= Your task =
Below are the records to retype. Keep every character exactly and leave out the pictures.

Saved data entries
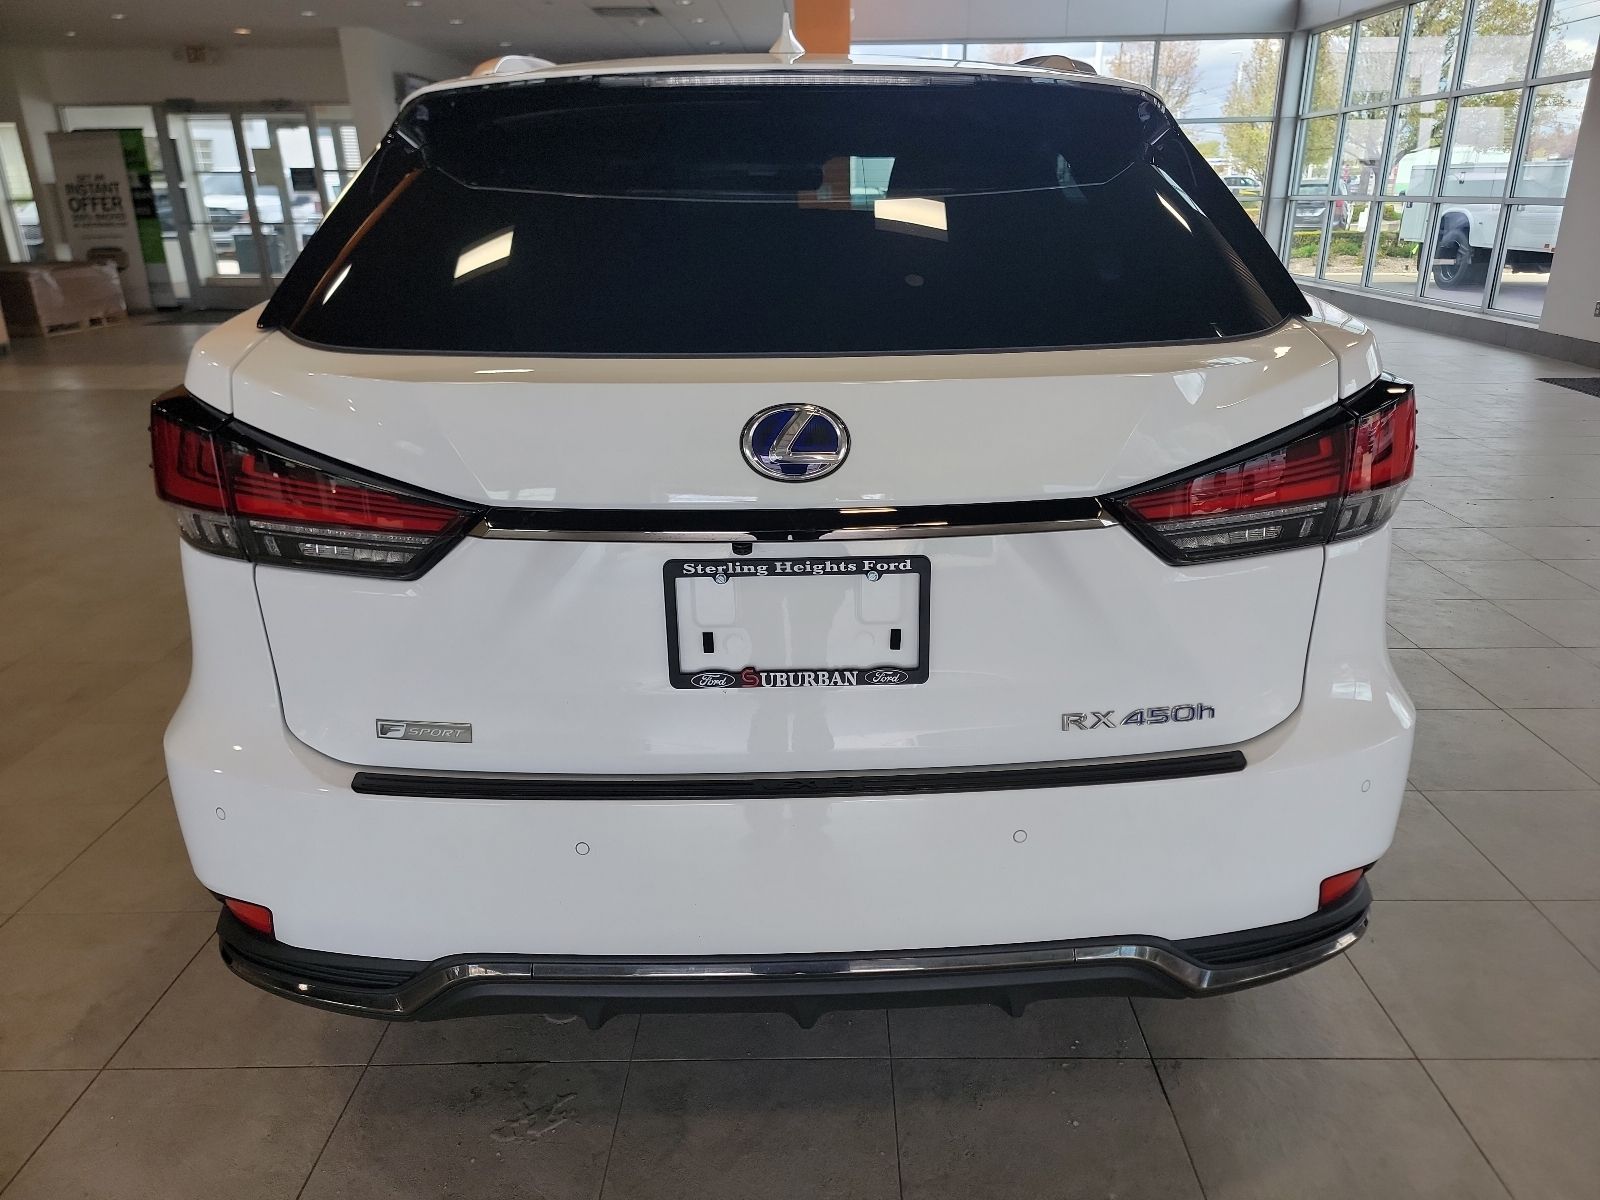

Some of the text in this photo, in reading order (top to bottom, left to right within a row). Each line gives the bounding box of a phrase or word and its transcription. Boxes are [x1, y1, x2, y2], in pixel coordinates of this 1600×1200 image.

[68, 196, 124, 212] OFFER
[682, 559, 913, 576] Sterling Heights Ford
[741, 667, 859, 688] SUBURBAN
[1061, 703, 1216, 731] RX 450h
[408, 727, 465, 738] SPORT

= Expected answer =
Some of the text in this photo, in reading order (top to bottom, left to right within a row). Each line gives the bounding box of a phrase or word and its transcription. Boxes are [x1, y1, x2, y2], in pixel coordinates of this 1600×1200 image.

[68, 196, 124, 212] OFFER
[682, 559, 913, 576] Sterling Heights Ford
[741, 667, 859, 688] SUBURBAN
[1061, 703, 1216, 731] RX 450h
[408, 727, 465, 738] SPORT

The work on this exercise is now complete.